Level 2: fair values measured using quoted prices in active markets for similar instruments or using other valuation techniques for which all significant inputs are based on observable market data
Level 3: fair values measured using valuation techniques for which any significant input is not based on observable market data
David additional proposed the interesting level of “Level ?” for some products, and said that obviously more attention needs to spent on Level 2 and 3 instruments under conditions of reduced (nonexistant?) market liquidity.
Summary Session:
Paul and David then answered some questions from the audience:
 Paul said that some risk managers lacked the imagination necessary for good risk management, being confined in standard procedures, beliefs and ways of doing things. He wants risk managers who are good at thinking laterally.
 Paul said that risk management was often an afterthought, not part of the trading process.

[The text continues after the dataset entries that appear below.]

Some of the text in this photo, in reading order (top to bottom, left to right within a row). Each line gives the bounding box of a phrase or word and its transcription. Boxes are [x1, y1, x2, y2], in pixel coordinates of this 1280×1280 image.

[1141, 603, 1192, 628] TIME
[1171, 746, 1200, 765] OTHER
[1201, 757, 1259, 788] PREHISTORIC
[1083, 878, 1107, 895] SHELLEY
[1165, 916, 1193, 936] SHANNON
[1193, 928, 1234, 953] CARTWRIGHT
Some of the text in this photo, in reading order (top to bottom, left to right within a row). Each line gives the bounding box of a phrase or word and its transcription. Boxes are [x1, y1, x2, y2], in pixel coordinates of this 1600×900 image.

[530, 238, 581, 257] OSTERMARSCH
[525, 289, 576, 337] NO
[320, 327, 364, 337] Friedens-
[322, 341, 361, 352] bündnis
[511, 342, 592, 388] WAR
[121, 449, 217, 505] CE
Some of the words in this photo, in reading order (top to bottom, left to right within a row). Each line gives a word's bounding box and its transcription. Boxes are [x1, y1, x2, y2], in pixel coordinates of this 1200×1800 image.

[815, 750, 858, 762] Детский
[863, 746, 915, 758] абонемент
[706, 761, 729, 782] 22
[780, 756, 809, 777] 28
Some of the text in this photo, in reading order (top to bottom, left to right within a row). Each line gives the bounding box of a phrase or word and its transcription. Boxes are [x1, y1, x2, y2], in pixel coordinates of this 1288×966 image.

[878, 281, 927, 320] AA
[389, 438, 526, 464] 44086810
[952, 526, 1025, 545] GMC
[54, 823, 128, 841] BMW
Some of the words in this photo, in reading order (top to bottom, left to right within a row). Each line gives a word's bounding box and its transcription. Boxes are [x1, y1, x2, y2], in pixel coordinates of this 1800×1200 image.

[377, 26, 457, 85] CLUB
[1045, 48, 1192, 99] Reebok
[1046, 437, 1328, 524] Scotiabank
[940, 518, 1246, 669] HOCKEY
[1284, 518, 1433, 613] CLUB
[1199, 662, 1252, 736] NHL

 David said that VAR has proven useful despite its weaknesses, in his opinion preventing failures from nonextreme events regardless of the recent extremes
 David said that in answer to Taleb’s criticism of using history in modelling, it quite frankly is all we have to go on. He quoted Mark Twain in that:
“History does not repeat itself but it does rhyme“
The talks were interesting, and even on points that have been discussed elsewhere both speakers had some interesting slants and good analogies. But maybe I am biassed, as the wine afterwards wasn’t bad either!…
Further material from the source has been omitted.